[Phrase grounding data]

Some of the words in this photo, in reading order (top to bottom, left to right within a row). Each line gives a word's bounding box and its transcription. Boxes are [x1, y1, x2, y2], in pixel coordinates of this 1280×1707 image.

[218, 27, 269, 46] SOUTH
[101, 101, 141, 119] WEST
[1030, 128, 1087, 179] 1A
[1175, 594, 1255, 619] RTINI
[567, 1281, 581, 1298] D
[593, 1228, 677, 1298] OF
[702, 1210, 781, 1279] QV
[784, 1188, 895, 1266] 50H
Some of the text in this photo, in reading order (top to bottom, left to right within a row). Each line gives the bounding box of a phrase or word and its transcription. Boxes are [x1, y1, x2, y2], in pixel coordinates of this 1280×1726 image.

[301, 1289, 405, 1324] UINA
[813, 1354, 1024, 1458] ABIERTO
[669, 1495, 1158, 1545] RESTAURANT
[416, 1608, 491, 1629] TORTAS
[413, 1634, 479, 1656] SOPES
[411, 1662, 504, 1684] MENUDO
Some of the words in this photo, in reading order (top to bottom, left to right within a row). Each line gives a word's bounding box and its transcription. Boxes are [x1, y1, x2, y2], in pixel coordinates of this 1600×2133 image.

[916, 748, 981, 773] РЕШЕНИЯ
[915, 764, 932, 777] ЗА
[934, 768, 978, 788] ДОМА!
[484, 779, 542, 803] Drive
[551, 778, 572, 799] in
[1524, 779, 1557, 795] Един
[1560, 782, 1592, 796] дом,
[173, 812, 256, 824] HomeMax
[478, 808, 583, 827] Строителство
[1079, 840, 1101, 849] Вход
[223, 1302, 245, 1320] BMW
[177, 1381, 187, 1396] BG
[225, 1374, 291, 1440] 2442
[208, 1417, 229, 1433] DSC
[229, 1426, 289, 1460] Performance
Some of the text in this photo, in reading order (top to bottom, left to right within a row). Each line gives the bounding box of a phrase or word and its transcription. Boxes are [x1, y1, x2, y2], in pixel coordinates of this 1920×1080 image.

▸ **WHAT IS BEING ASKED**: Copy each record from above without leaving any out.

▸ **WRITTEN RESPONSE**:
Some of the words in this photo, in reading order (top to bottom, left to right within a row). Each line gives a word's bounding box and its transcription. Boxes are [x1, y1, x2, y2], in pixel coordinates of this 1280×1707 image.

[218, 27, 269, 46] SOUTH
[101, 101, 141, 119] WEST
[1030, 128, 1087, 179] 1A
[1175, 594, 1255, 619] RTINI
[567, 1281, 581, 1298] D
[593, 1228, 677, 1298] OF
[702, 1210, 781, 1279] QV
[784, 1188, 895, 1266] 50H
Some of the text in this photo, in reading order (top to bottom, left to right within a row). Each line gives the bounding box of a phrase or word and its transcription. Boxes are [x1, y1, x2, y2], in pixel coordinates of this 1280×1726 image.

[301, 1289, 405, 1324] UINA
[813, 1354, 1024, 1458] ABIERTO
[669, 1495, 1158, 1545] RESTAURANT
[416, 1608, 491, 1629] TORTAS
[413, 1634, 479, 1656] SOPES
[411, 1662, 504, 1684] MENUDO
Some of the words in this photo, in reading order (top to bottom, left to right within a row). Each line gives a word's bounding box and its transcription. Boxes are [x1, y1, x2, y2], in pixel coordinates of this 1600×2133 image.

[916, 748, 981, 773] РЕШЕНИЯ
[915, 764, 932, 777] ЗА
[934, 768, 978, 788] ДОМА!
[484, 779, 542, 803] Drive
[551, 778, 572, 799] in
[1524, 779, 1557, 795] Един
[1560, 782, 1592, 796] дом,
[173, 812, 256, 824] HomeMax
[478, 808, 583, 827] Строителство
[1079, 840, 1101, 849] Вход
[223, 1302, 245, 1320] BMW
[177, 1381, 187, 1396] BG
[225, 1374, 291, 1440] 2442
[208, 1417, 229, 1433] DSC
[229, 1426, 289, 1460] Performance
Some of the text in this photo, in reading order (top to bottom, left to right within a row). Each line gives the bounding box of a phrase or word and its transcription. Boxes are [x1, y1, x2, y2], in pixel coordinates of this 1920×1080 image.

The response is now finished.